Due to conservation of profits, the Company has not declared any dividend during the Financial Year
under review.

CAPITAL OF THE COMPANY:

During the year under review, the Authorized Share Capital of the Company is
Rs.13,00,00,000/- (Rupees Thirteen Crore only) divided into 3,25,00,000 (Three Crore and
Twenty Five Lakh) Equity Shares of Rs. 4/- (Rupees Four only) each.

The Issued, Subscribed and Paid up Capital of the Company as on March 31, 2023 is
Rs.4,20,17,200/- (Four Crore Twenty Lakh Seventeen Thousand and Two Hundred only)
divided into 1,05,04,300 (One Crore Five Lakh Four Thousand and Three Hundred) Equity
Shares of Rs.4/- (Rupees Four only) each.

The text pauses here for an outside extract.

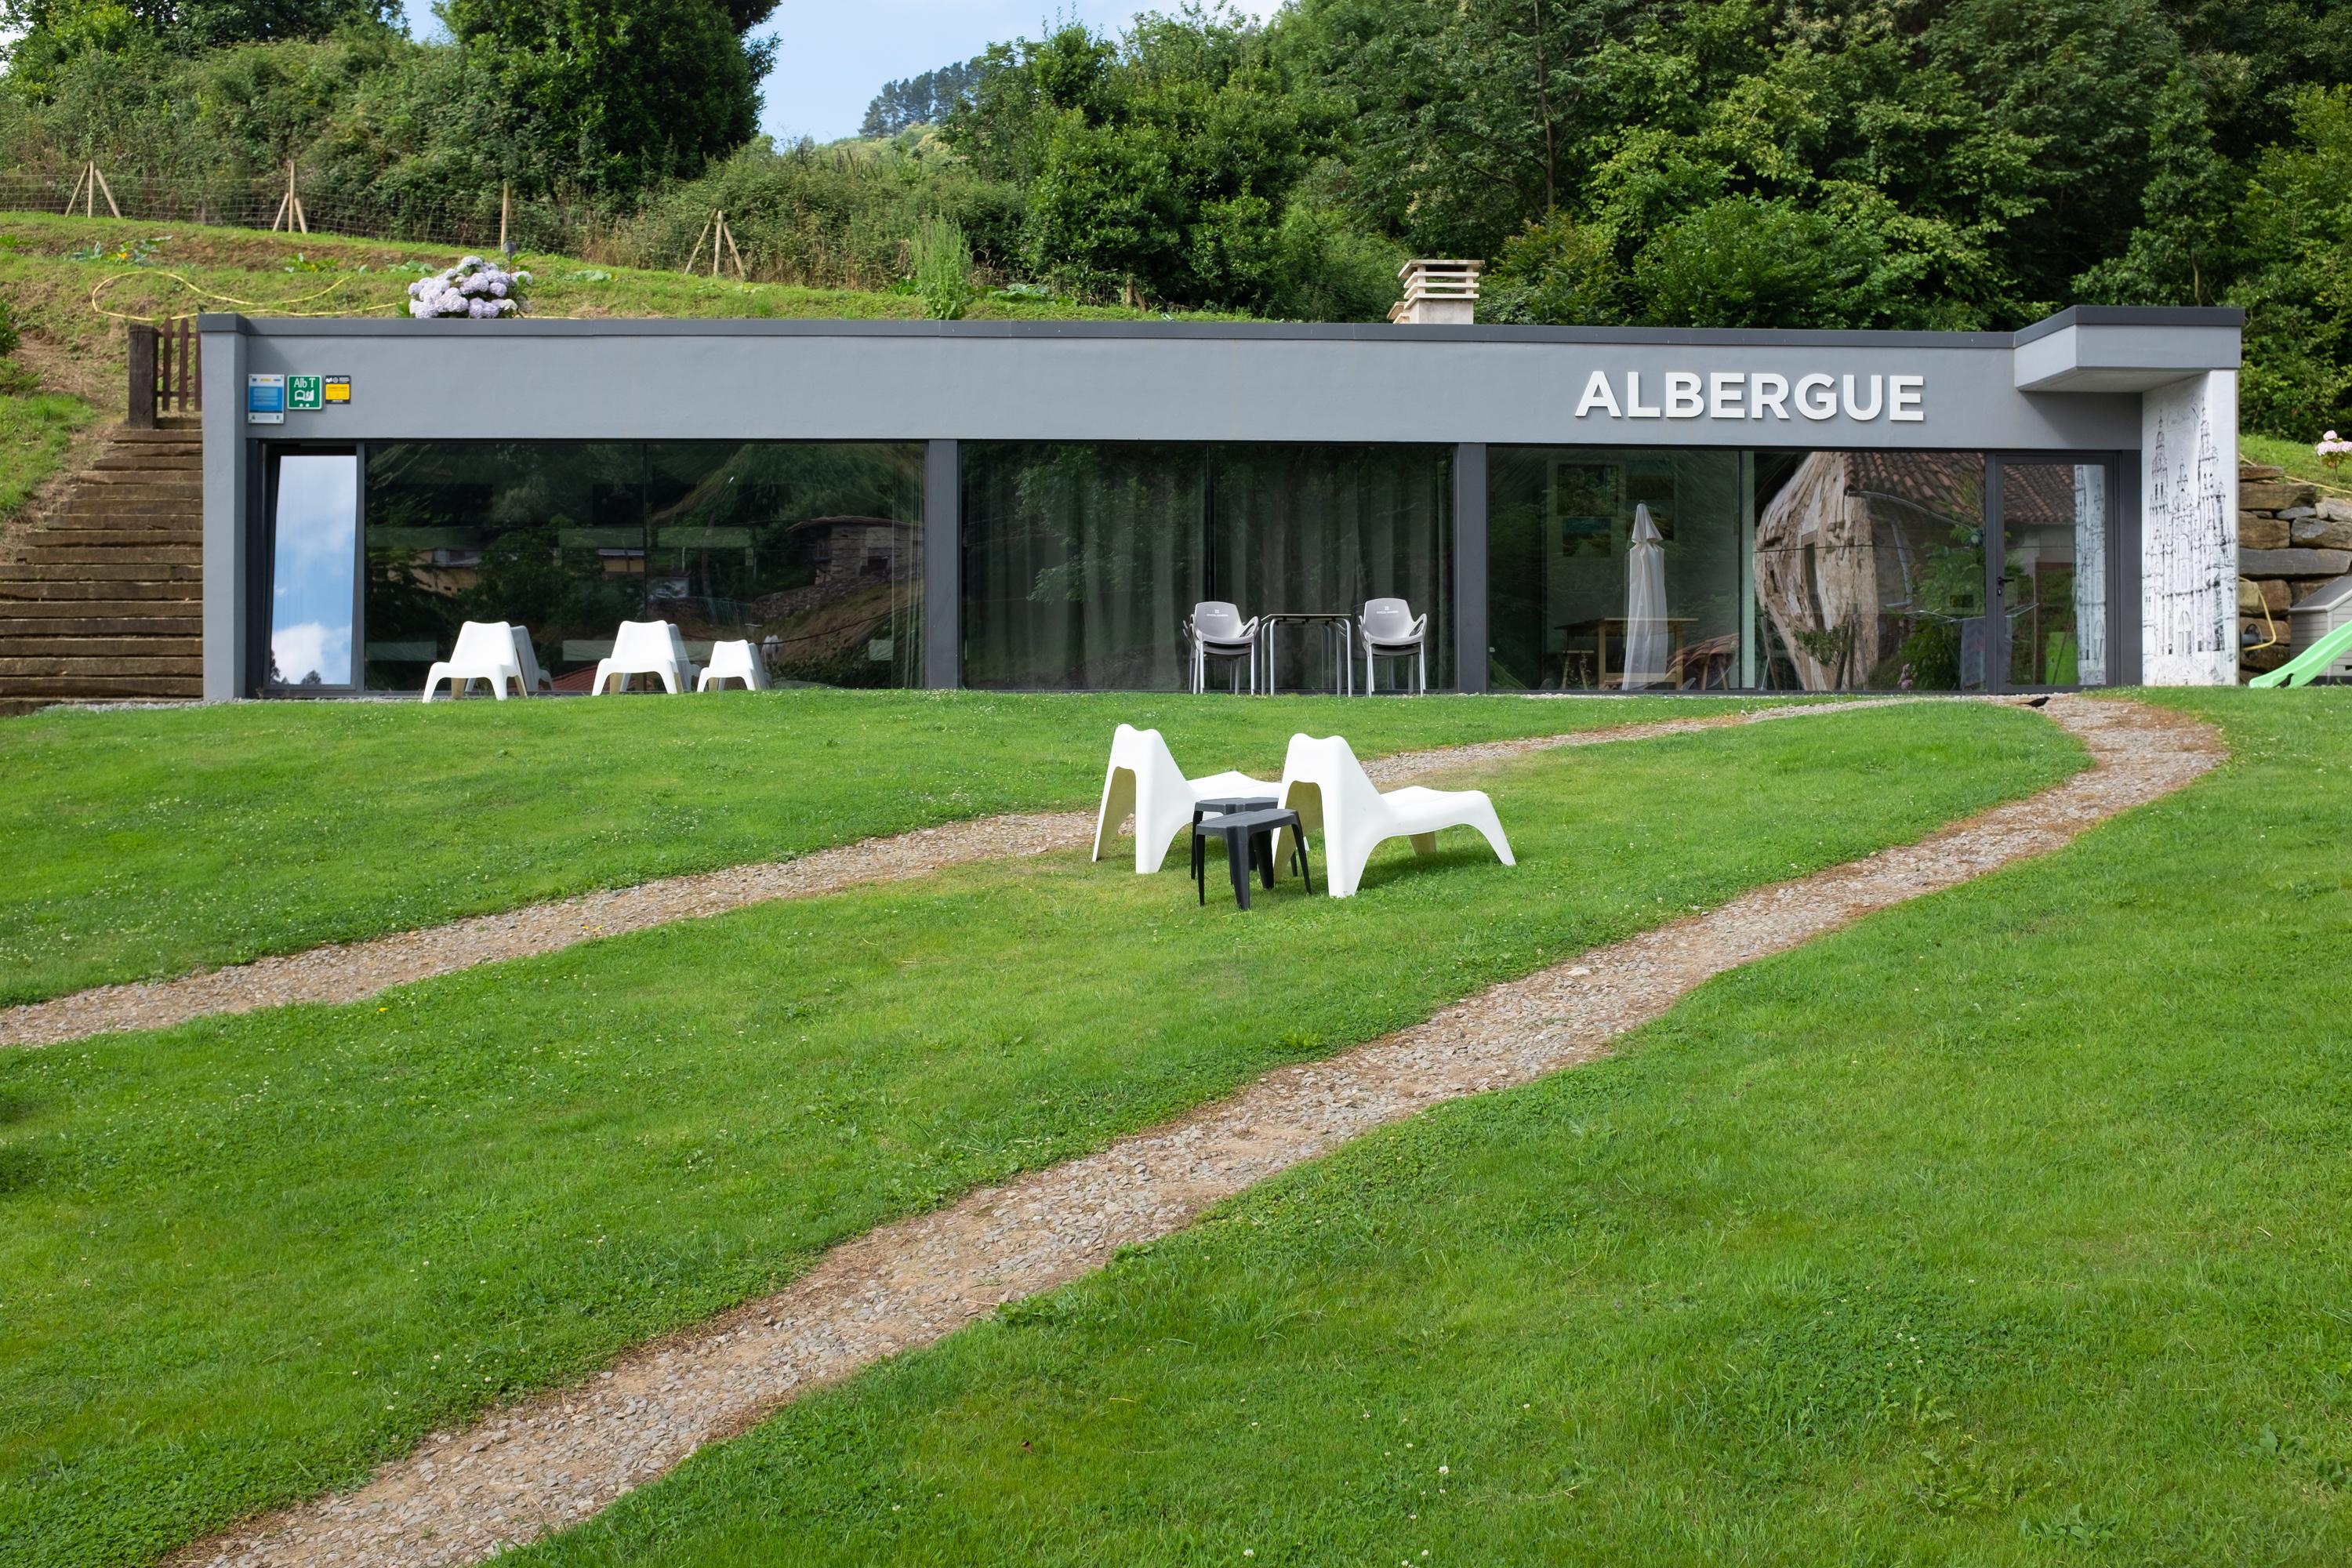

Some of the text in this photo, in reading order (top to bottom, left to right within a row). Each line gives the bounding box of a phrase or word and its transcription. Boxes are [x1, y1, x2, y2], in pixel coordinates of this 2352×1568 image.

The Company has not issued any shares with differential rights and hence no information as per
provisions of Section 43(a) (ii) of the Act read with Rule 4(4) of the Companies (Share Capital
and Debenture) Rules, 2014 is furnished.

DIRECTORS AND KMP:

Appropriate resolutions for the appointment/re-appointment of Directors are being placed before

you for your approval at the ensuing Annual General Meeting. The brief resume of the Directors
and other information have been detailed in the Notice. Your Directors recommend their
appointment/re-appointment as Directors of your Company.

Mr. Rajesh Gandhi was appointed as Additional Director of the Company at its Board Meeting
held on 21st April, 2023.

In accordance with the Companies Act, 2013 read with Articles of Association of the company
the Director namely Mr. Rajesh Gandhi (DIN: 02120813), retires by rotation at the forthcoming
Annual General Meeting and being eligible, offers himself for re-appointment. Your Directors
recommend his re-appointment at the ensuing Annual General Meeting.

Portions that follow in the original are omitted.